I will say something, and you will understand it.

 

Opening 27th of Marts at Hordaled Kunstsenter, Bergen, Norway.

Danish artist Sif Ankergård explores scenarios for what a restless and evolving language might look and sound like.

Sif Ankergård is interested in a situation of exhibiting where the gap between theory and work is eliminated by the active use of texts. This first MA-weekend of 2015 she is showing a series of posters and a sculpture which together explore the relationship between written and uttered text.

Saying it out loud makes it real. Yelling creates an illusion that you will hear me.

The sculpture included in the exhibition echoes the form of a megaphone, with the aim of exploring the politics and gestural qualities of the act of speaking out loud. During the weekend-long exhibition this sculpture will move along the line of posters, relating directly to a new text at each interval. Thereby the work metaphorically moves between silence and the languages of shape and scale.

Ankergård likes to think of each of her works as an utterance, often but not always bounded by silence. The gesture of speaking out loud the utterance is crucial in her practice, and is part of her ongoing interest in language as a tool for subversion and change. It can be seen as a protest against the assumption that language is neutral, and ultimately perhaps even a paradoxically universal protest-utterance against linguistic uniformity.

Through a rigorous editorial process, she peels, slices and undresses the texts she works with, taking away inessential details and reducing it until what is left is a single sentence the piece cannot live without. She then builds her way up again, constructing paragraphs that overlap and loop in a non-linear fashion.

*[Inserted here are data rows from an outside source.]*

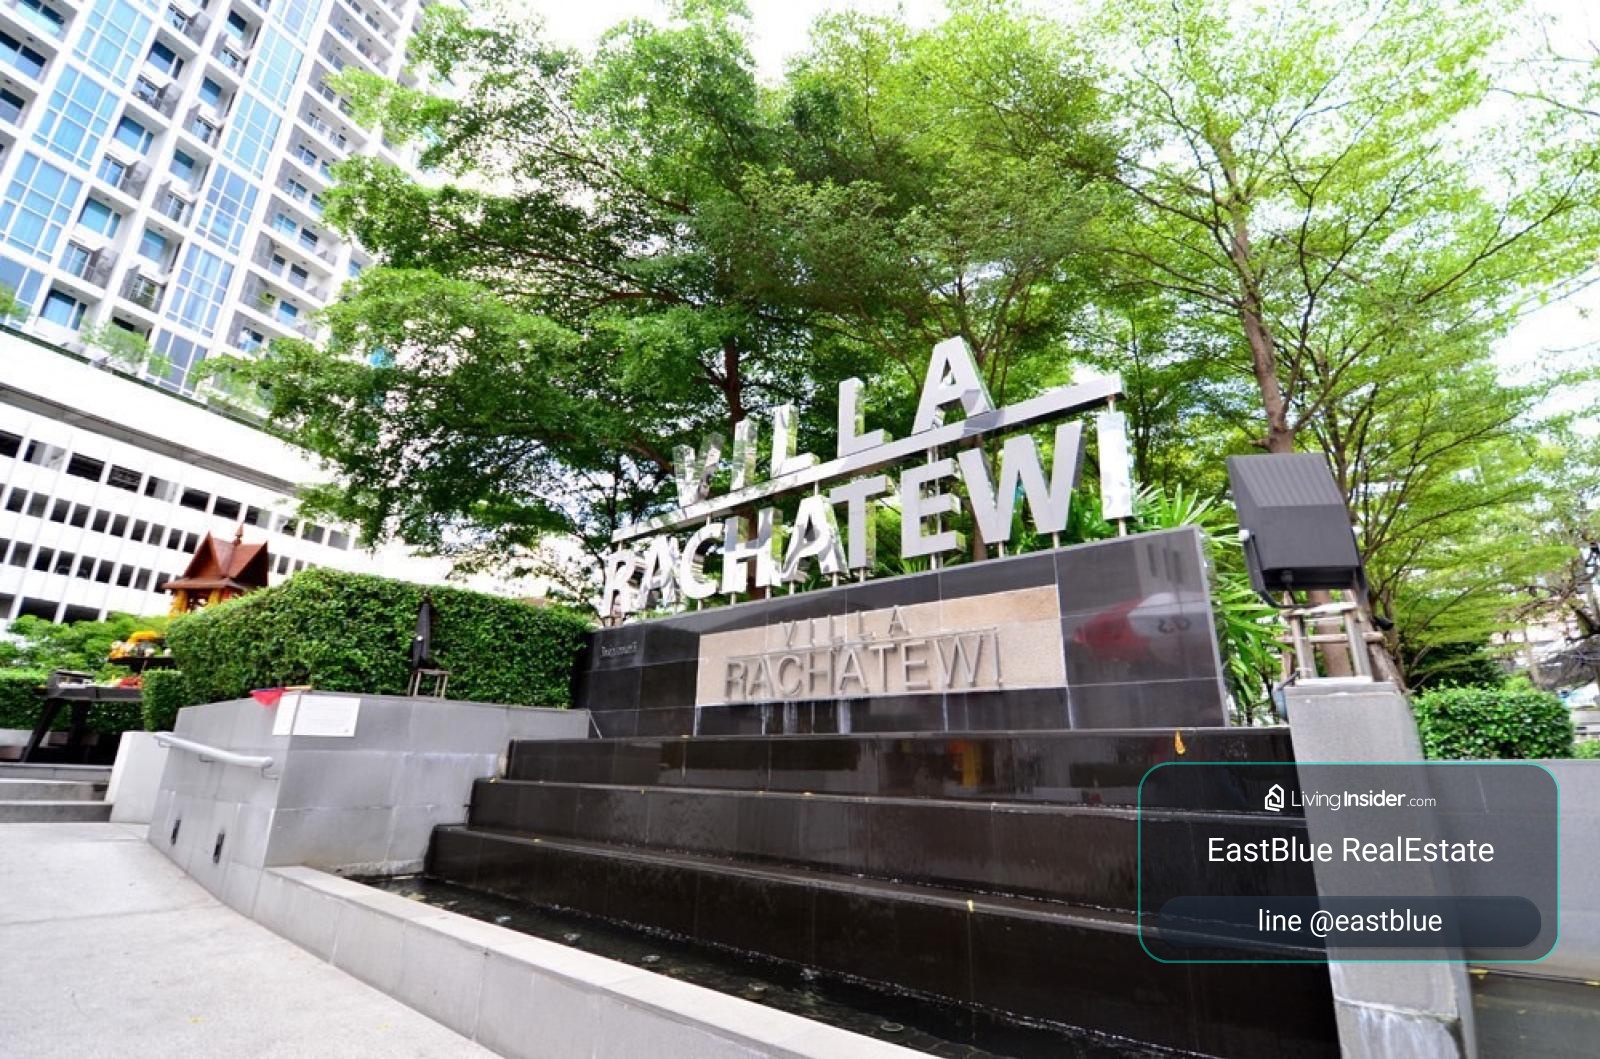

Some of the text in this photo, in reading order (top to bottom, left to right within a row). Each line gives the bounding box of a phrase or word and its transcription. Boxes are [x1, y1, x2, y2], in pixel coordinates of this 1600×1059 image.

[672, 336, 996, 508] VILLA
[597, 410, 1135, 618] RACHATEWI
[723, 628, 1003, 701] RACHATEWI
[780, 605, 912, 650] VILLA
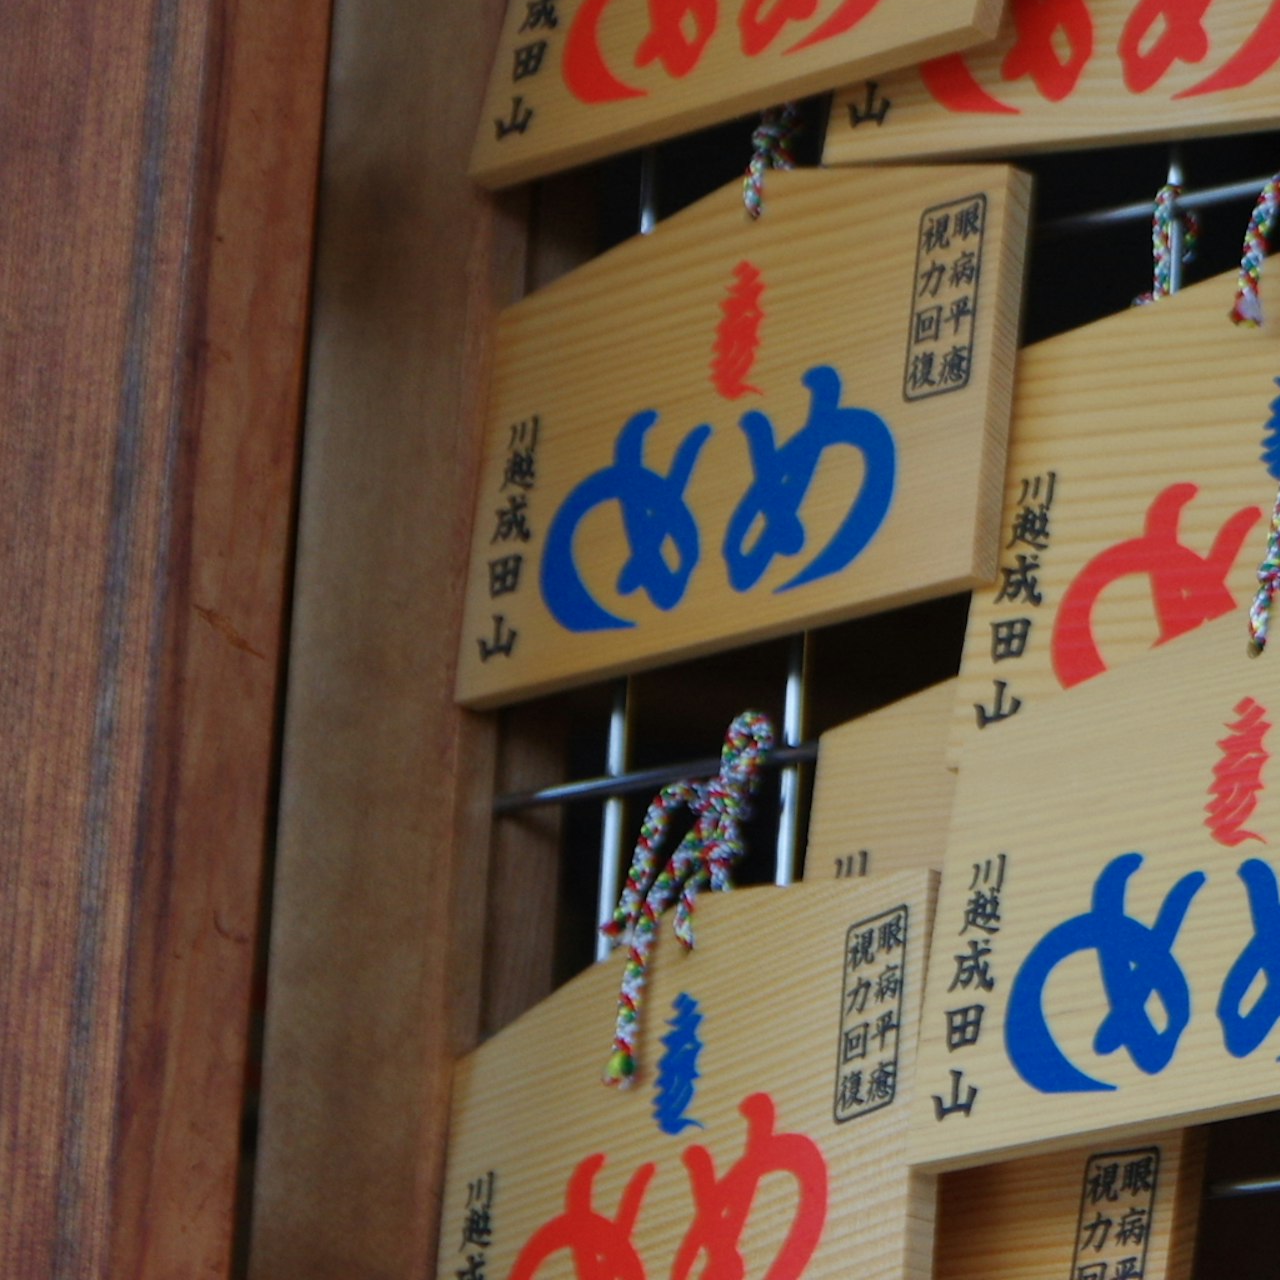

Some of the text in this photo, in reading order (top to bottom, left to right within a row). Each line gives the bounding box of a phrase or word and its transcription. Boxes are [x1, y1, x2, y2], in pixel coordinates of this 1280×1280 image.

[906, 216, 950, 388] 視力回復
[937, 201, 980, 384] 眼病平癒
[477, 416, 539, 662] 川越成田山
[539, 365, 895, 632] めめ
[974, 471, 1057, 729] 川越成田山
[837, 931, 877, 1109] 視力回復
[866, 921, 904, 1102] 眼病平癒
[931, 853, 1006, 1122] 川越成田山
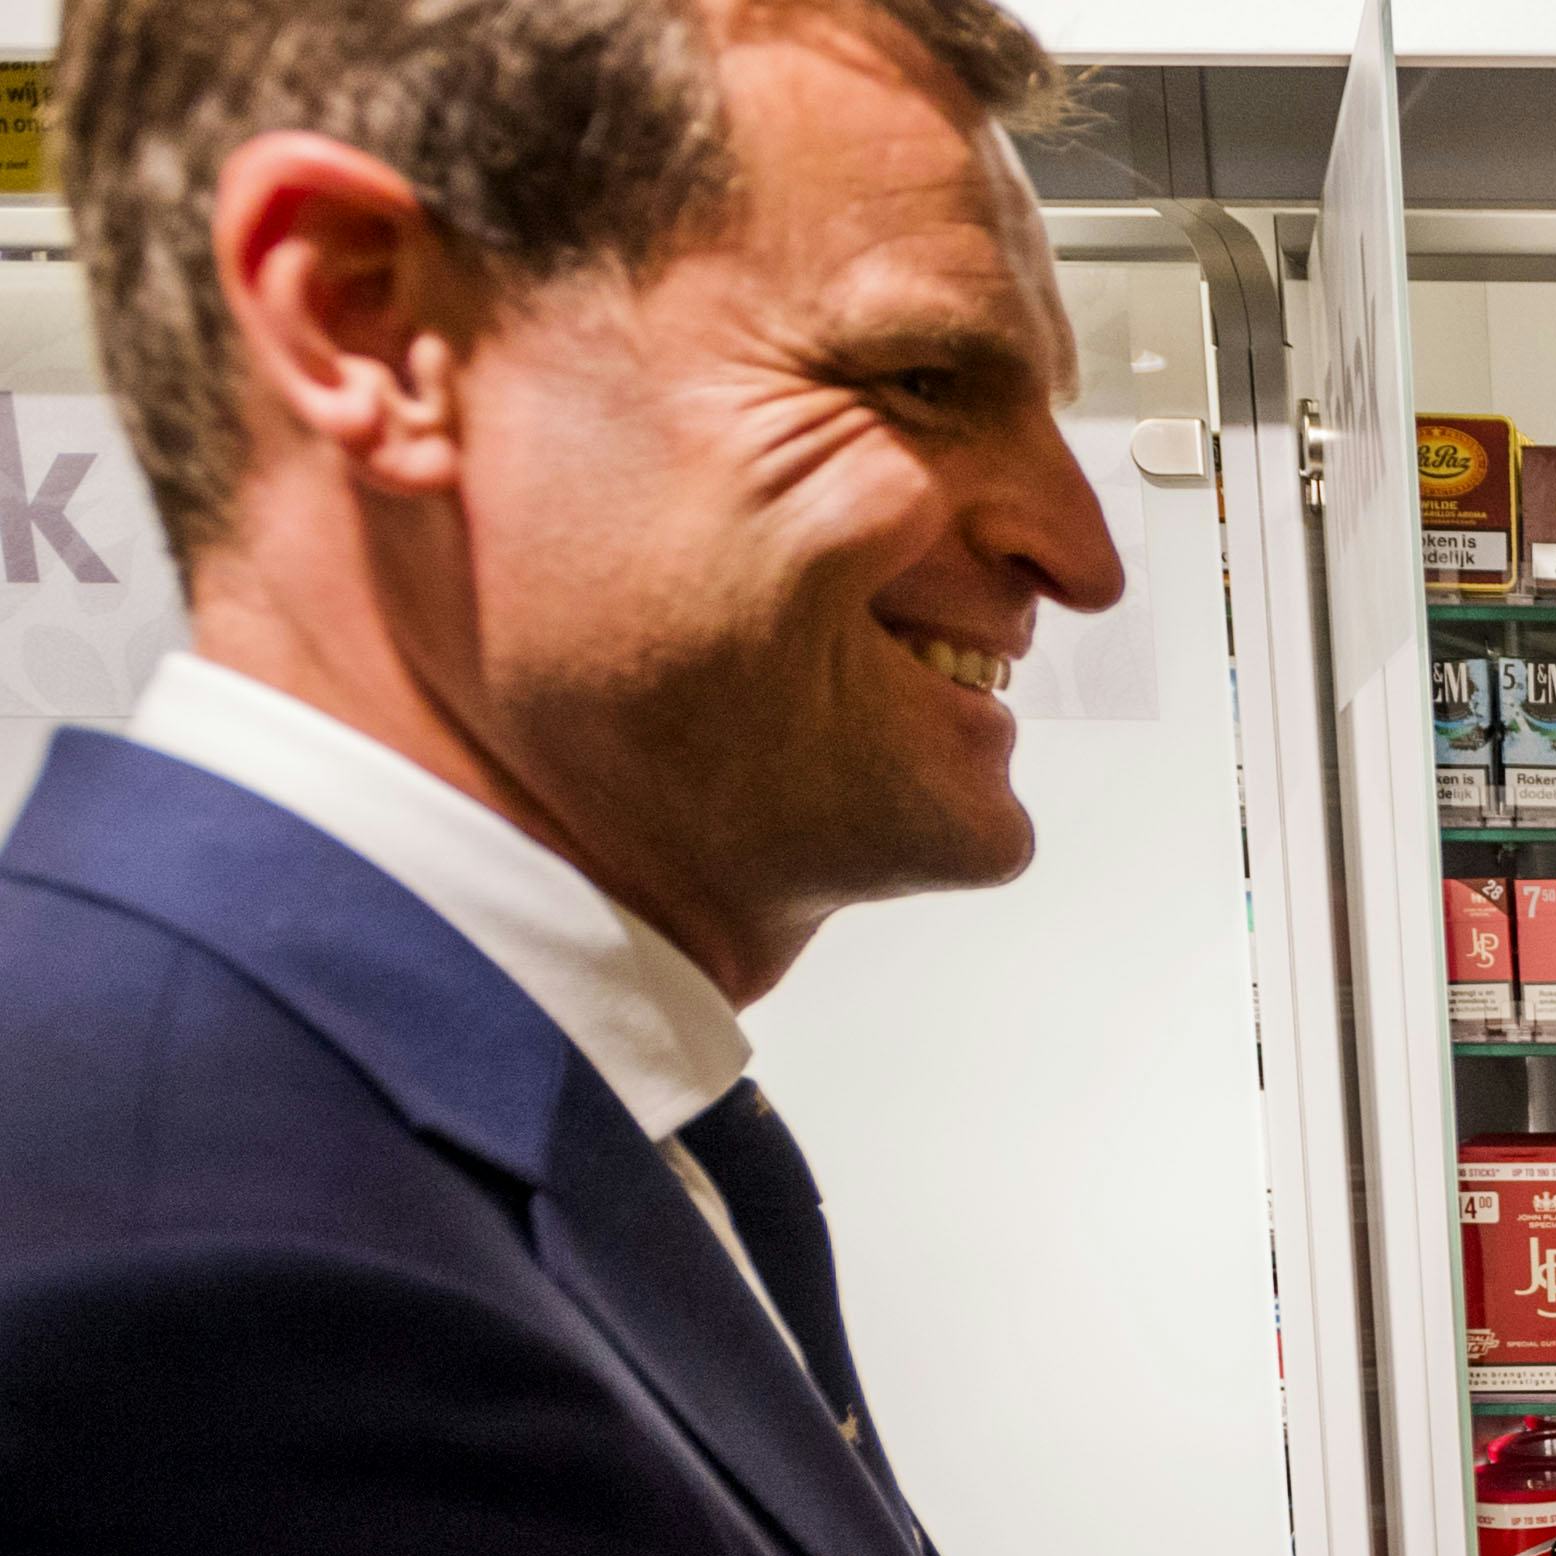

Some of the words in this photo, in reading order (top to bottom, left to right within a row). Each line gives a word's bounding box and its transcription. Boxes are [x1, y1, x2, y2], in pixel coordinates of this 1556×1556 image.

[1462, 534, 1477, 549] is
[1422, 551, 1476, 567] delijk
[1481, 879, 1504, 901] 28
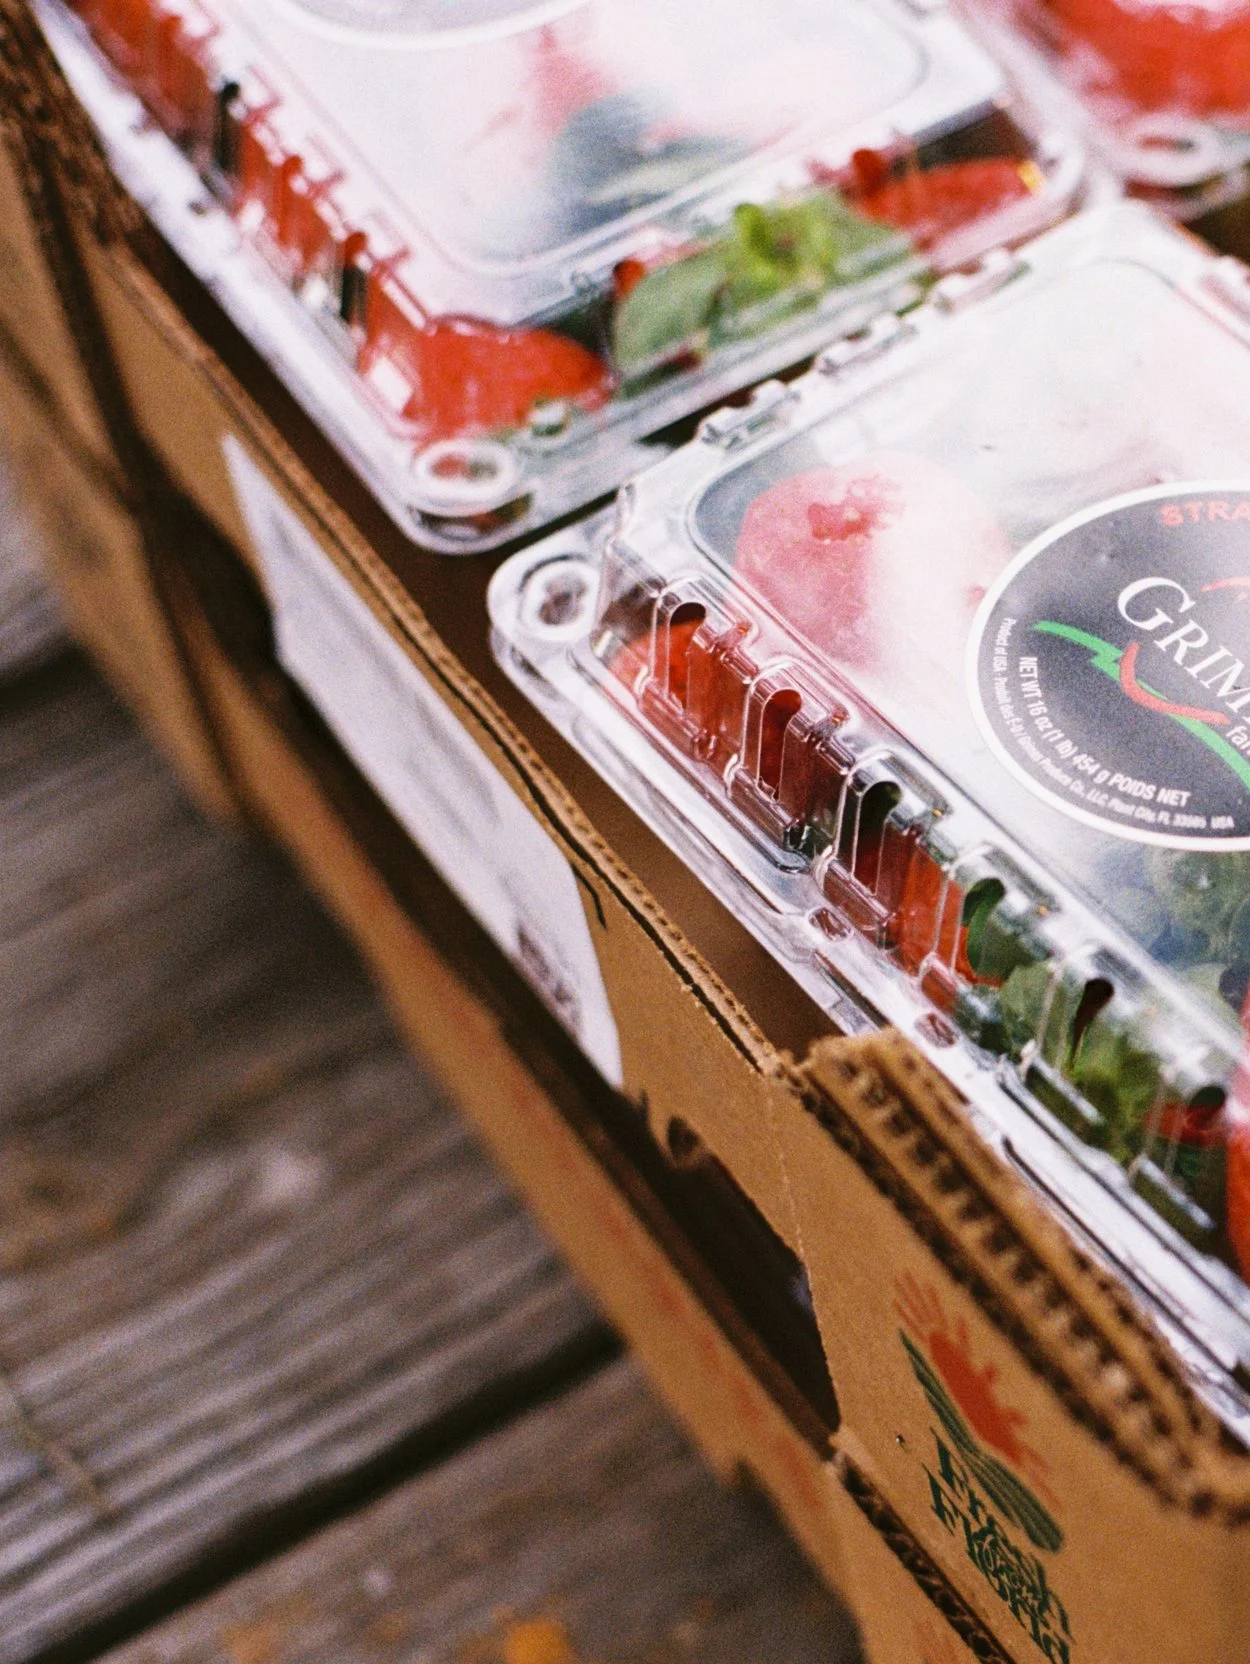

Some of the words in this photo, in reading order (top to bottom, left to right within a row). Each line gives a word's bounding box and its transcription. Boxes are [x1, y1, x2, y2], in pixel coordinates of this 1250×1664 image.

[1019, 656, 1038, 679] NET
[1021, 680, 1043, 698] WT
[1027, 700, 1049, 716] 16
[1034, 716, 1054, 732] oz
[1072, 753, 1101, 776] 454
[1093, 769, 1111, 784] g
[1107, 772, 1157, 801] POIDS
[1155, 787, 1191, 808] NET
[920, 1462, 1071, 1664] Florid

Ankergård writes: “I find that writing stories, thinking thoughts and drawing lines are much the same things. Indeed it is in the very nature of lines that they always seem to wriggle free of any classification one might seek to impose on them, trailing loose ends in every direction and isn’t this true for language as well? That the meanings of words and lines of text are unstable linguistically.»

Sif Ankergård (Copenhagen, 1984) is graduating in spring 2015 from the Masters of Fine Art at Bergen Academy of Art and Design, Bergen, Norway. Holds a BA of Fine Art (2009 - 2013) from the Gerrit Rietveld Academy, Amsterdam, Netherlands. She started developing her own artistic language at Kunsthøjskolen Thorstedlund, Frederikssund, Denmark, in 2008.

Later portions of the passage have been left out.